_AIM OF THE TASK_. Write the entries out again exactly; any picture among them gets left out.

_MATERIAL TO PROCESS_.
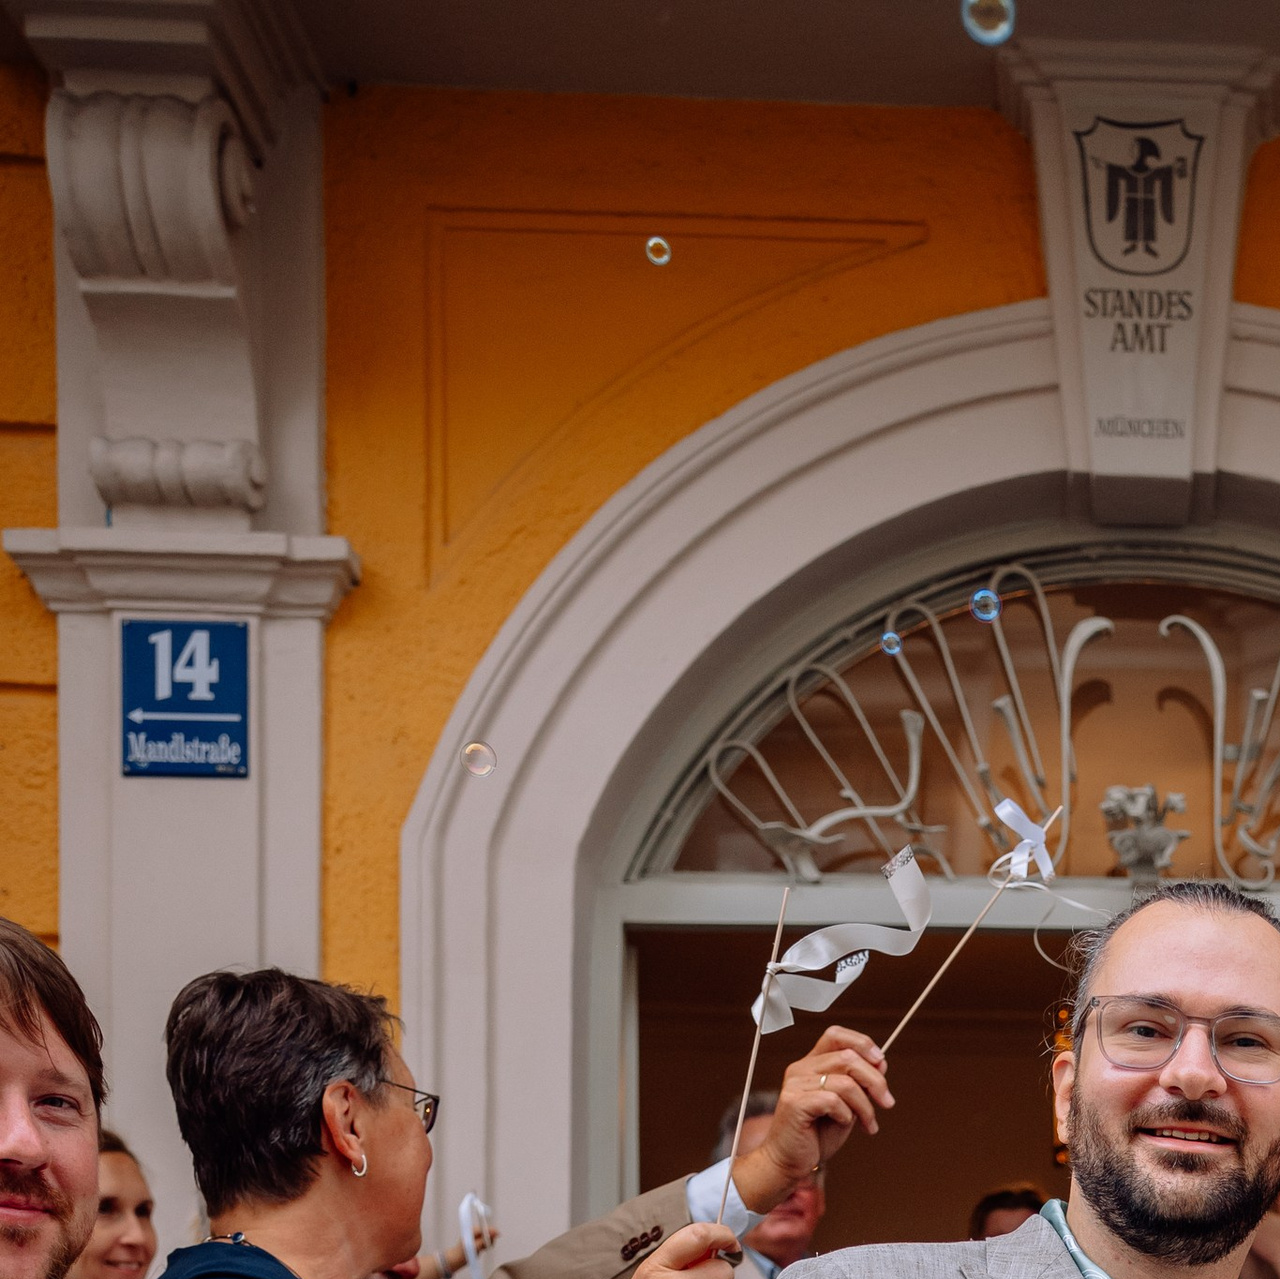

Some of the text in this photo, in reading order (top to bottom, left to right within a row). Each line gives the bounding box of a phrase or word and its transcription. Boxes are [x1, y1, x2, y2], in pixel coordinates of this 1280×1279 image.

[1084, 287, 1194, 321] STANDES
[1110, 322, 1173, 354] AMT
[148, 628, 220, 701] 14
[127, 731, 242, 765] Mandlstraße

_SOLUTION_.
Some of the text in this photo, in reading order (top to bottom, left to right within a row). Each line gives the bounding box of a phrase or word and its transcription. Boxes are [x1, y1, x2, y2], in pixel coordinates of this 1280×1279 image.

[1084, 287, 1194, 321] STANDES
[1110, 322, 1173, 354] AMT
[148, 628, 220, 701] 14
[127, 731, 242, 765] Mandlstraße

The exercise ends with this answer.